What needs to be done: Each line below is to be copied exactly; images do not go into the copy.

Collected data entries:

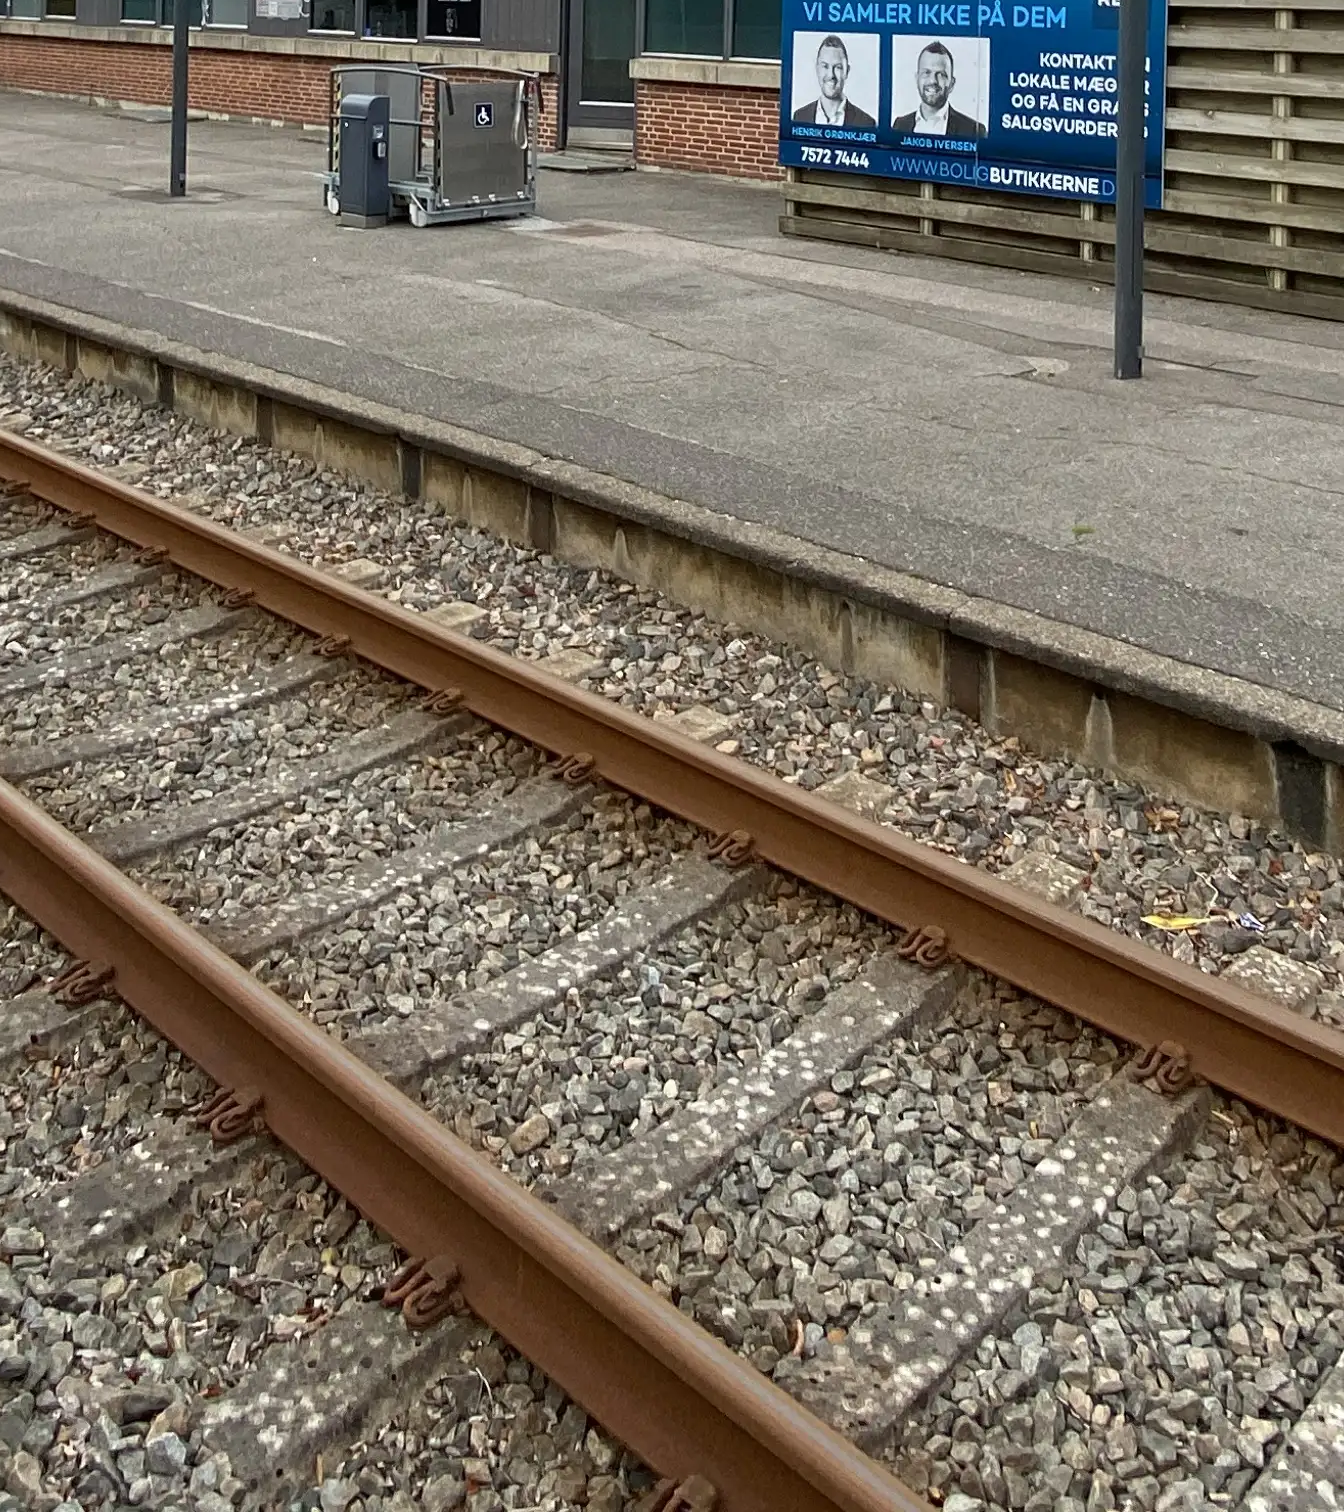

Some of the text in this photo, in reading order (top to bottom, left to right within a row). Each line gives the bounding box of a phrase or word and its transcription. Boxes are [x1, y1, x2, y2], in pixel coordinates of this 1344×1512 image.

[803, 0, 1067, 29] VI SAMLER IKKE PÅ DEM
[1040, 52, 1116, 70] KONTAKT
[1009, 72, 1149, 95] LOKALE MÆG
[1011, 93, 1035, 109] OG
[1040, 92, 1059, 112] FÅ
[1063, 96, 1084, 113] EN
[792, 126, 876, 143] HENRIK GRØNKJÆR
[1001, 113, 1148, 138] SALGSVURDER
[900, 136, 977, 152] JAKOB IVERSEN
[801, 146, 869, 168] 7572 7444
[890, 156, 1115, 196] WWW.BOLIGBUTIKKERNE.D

Result of the task:
Some of the text in this photo, in reading order (top to bottom, left to right within a row). Each line gives the bounding box of a phrase or word and its transcription. Boxes are [x1, y1, x2, y2], in pixel coordinates of this 1344×1512 image.

[803, 0, 1067, 29] VI SAMLER IKKE PÅ DEM
[1040, 52, 1116, 70] KONTAKT
[1009, 72, 1149, 95] LOKALE MÆG
[1011, 93, 1035, 109] OG
[1040, 92, 1059, 112] FÅ
[1063, 96, 1084, 113] EN
[792, 126, 876, 143] HENRIK GRØNKJÆR
[1001, 113, 1148, 138] SALGSVURDER
[900, 136, 977, 152] JAKOB IVERSEN
[801, 146, 869, 168] 7572 7444
[890, 156, 1115, 196] WWW.BOLIGBUTIKKERNE.D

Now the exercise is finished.